__Task to complete__
Drop every picture, then transcribe the remaining data exactly.

__Task data__
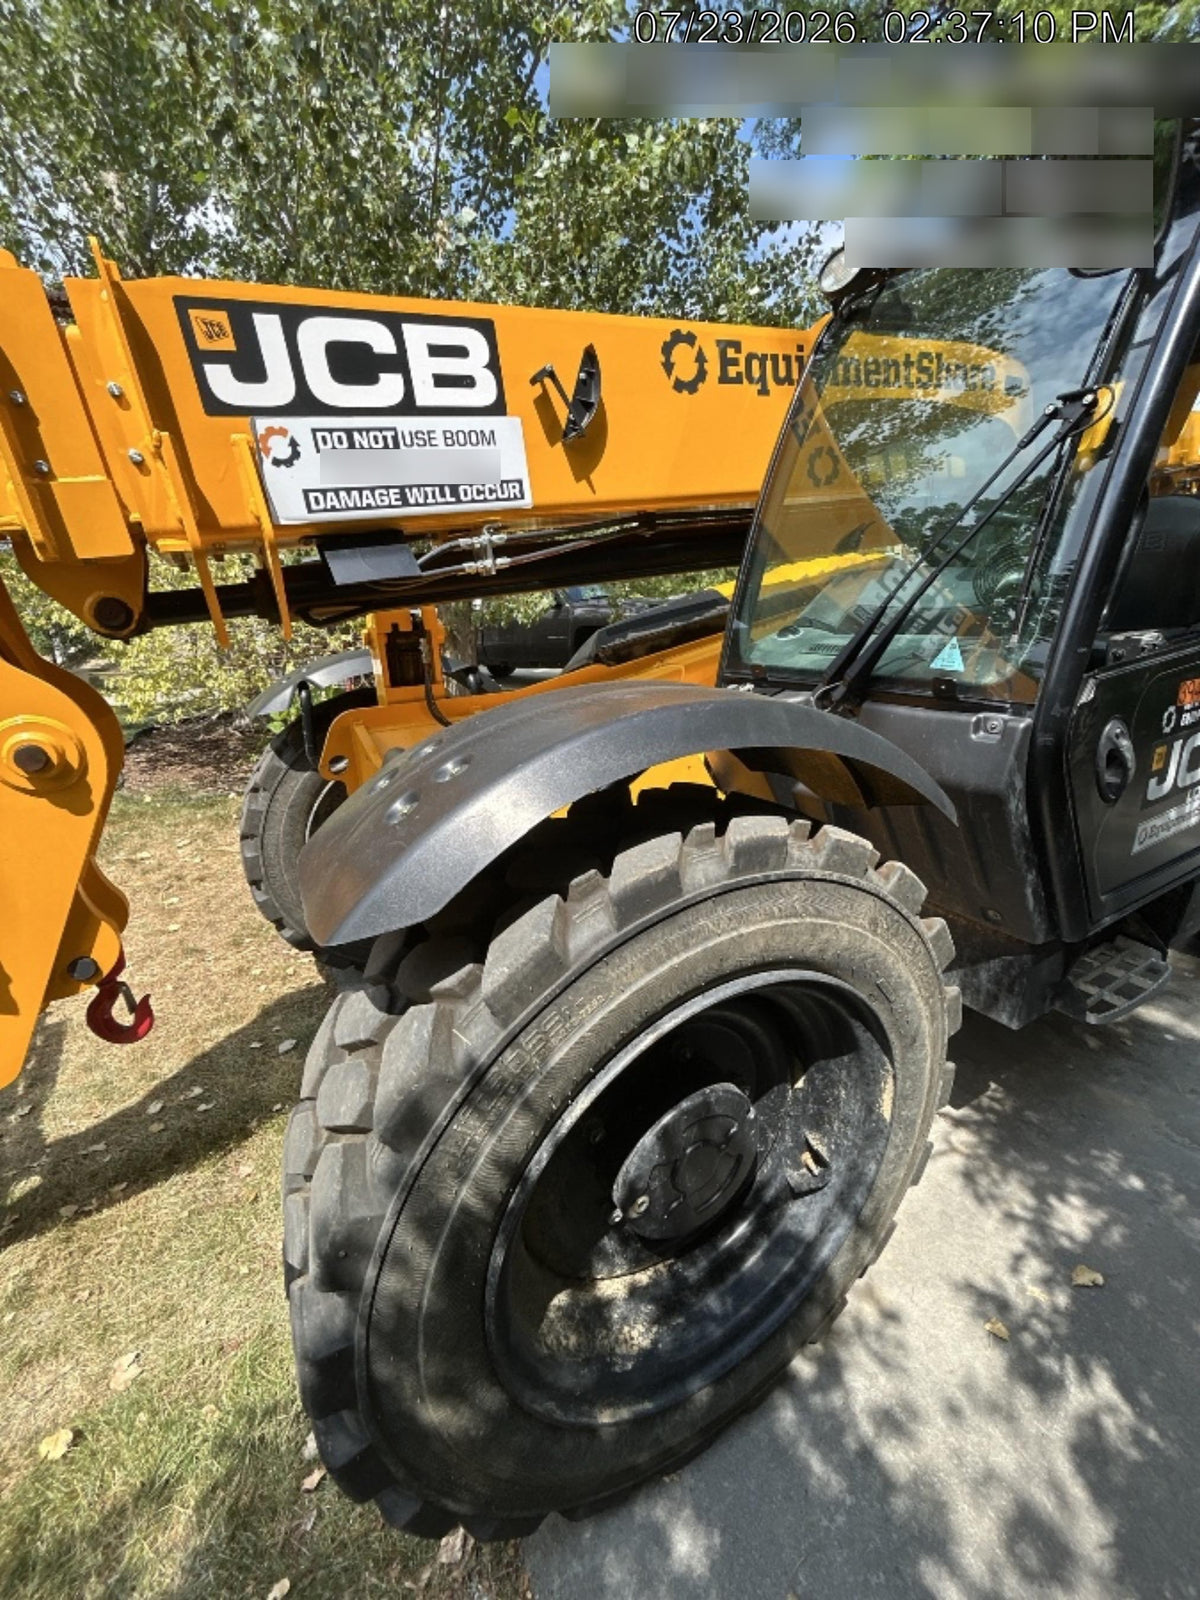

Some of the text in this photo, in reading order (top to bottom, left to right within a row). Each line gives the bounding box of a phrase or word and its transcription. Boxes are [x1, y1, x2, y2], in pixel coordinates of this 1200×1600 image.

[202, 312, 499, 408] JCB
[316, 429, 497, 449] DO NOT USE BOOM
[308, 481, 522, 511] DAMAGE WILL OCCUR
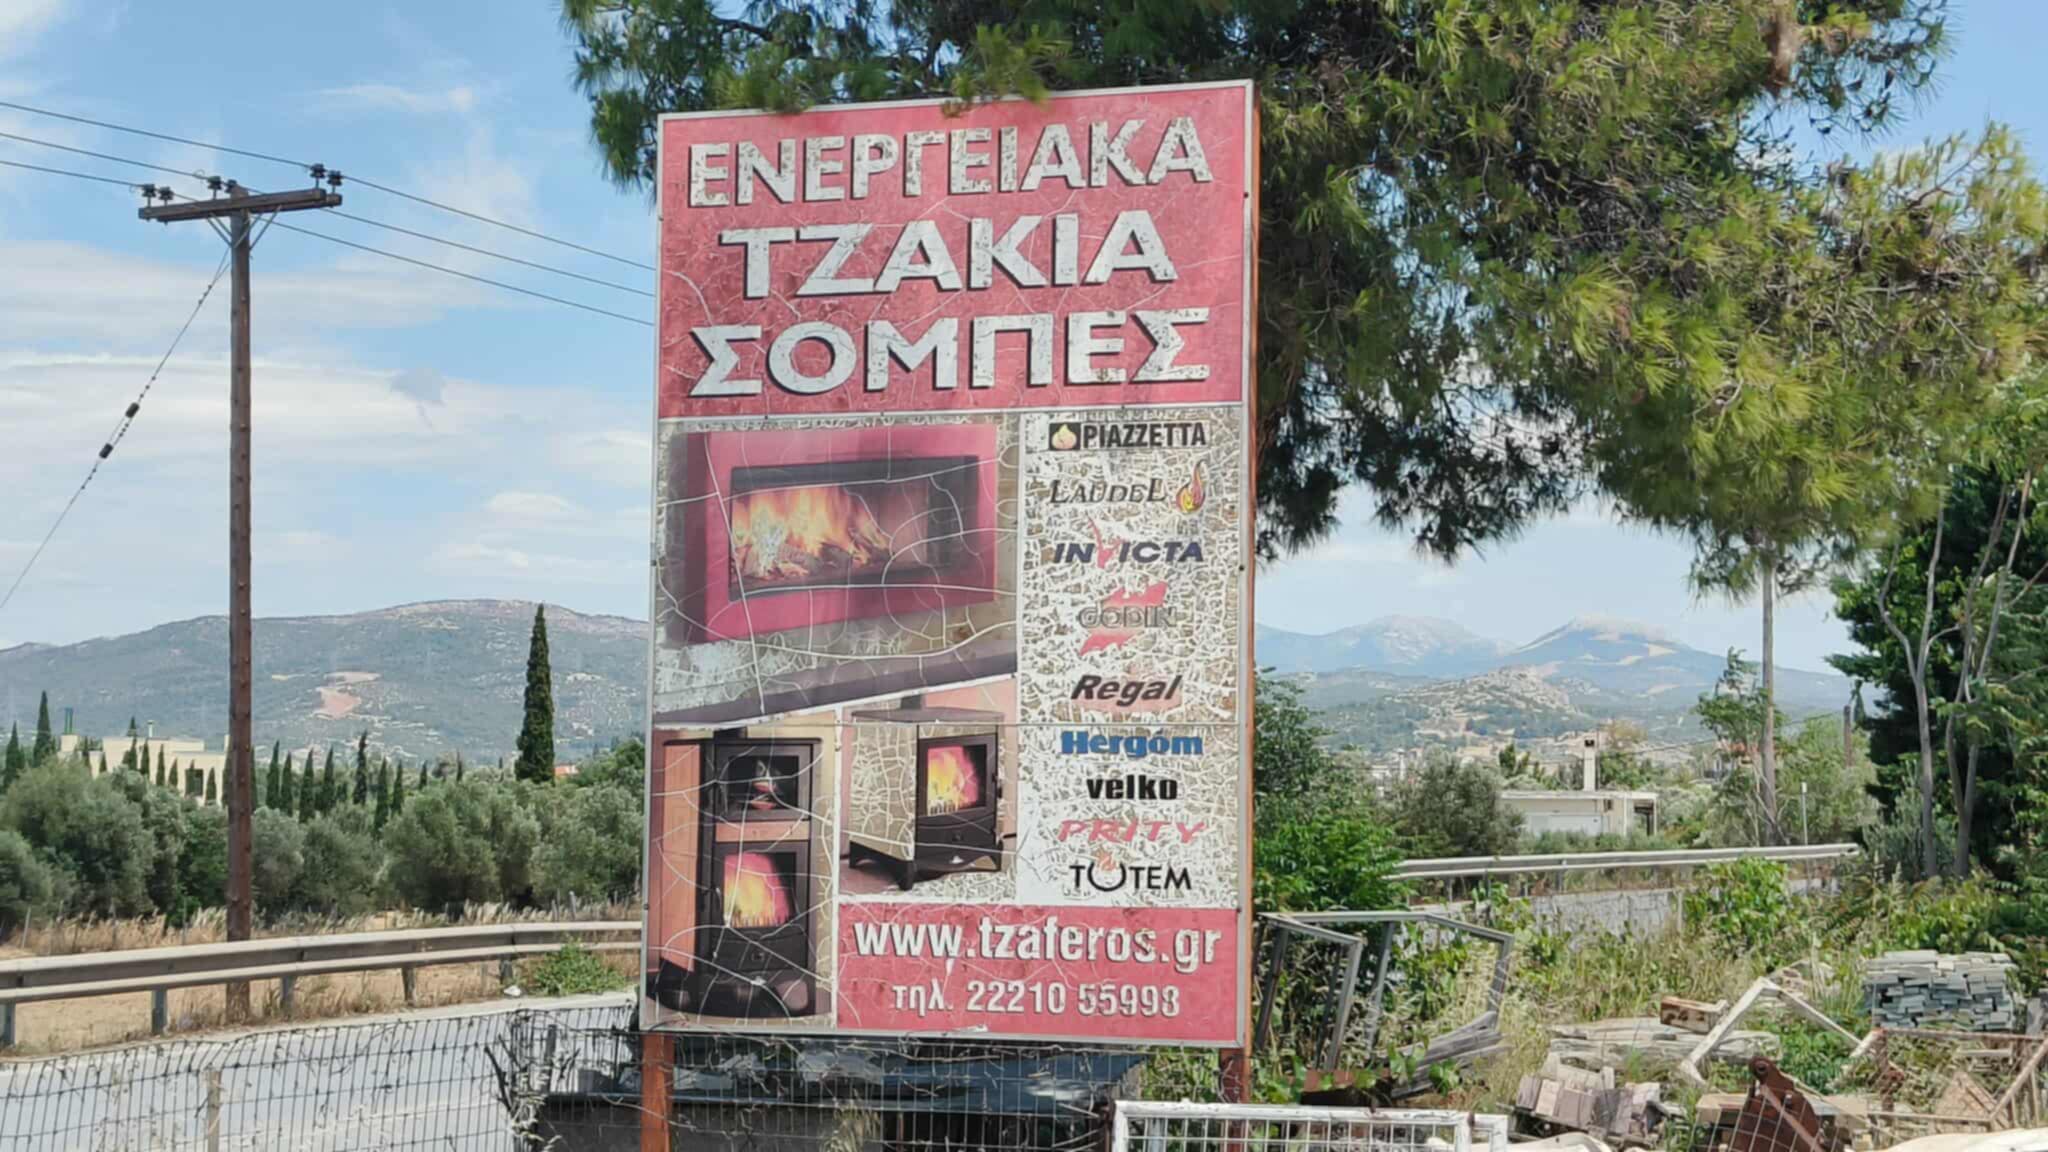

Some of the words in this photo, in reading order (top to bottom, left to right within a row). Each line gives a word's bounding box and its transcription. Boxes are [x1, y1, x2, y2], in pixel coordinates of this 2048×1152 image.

__Exercise result__
Some of the text in this photo, in reading order (top to bottom, left to right within a row). Each line gives the bounding box of a phrase or word and its transcription. Boxes are [x1, y1, x2, y2], in pixel coordinates of this 1200×1600 image.

[202, 312, 499, 408] JCB
[316, 429, 497, 449] DO NOT USE BOOM
[308, 481, 522, 511] DAMAGE WILL OCCUR

Some of the words in this photo, in reading order (top to bottom, left to right within a row). Each line gives a word's bounding box and its transcription. Boxes are [x1, y1, x2, y2], in pixel coordinates of this 2048×1152 image.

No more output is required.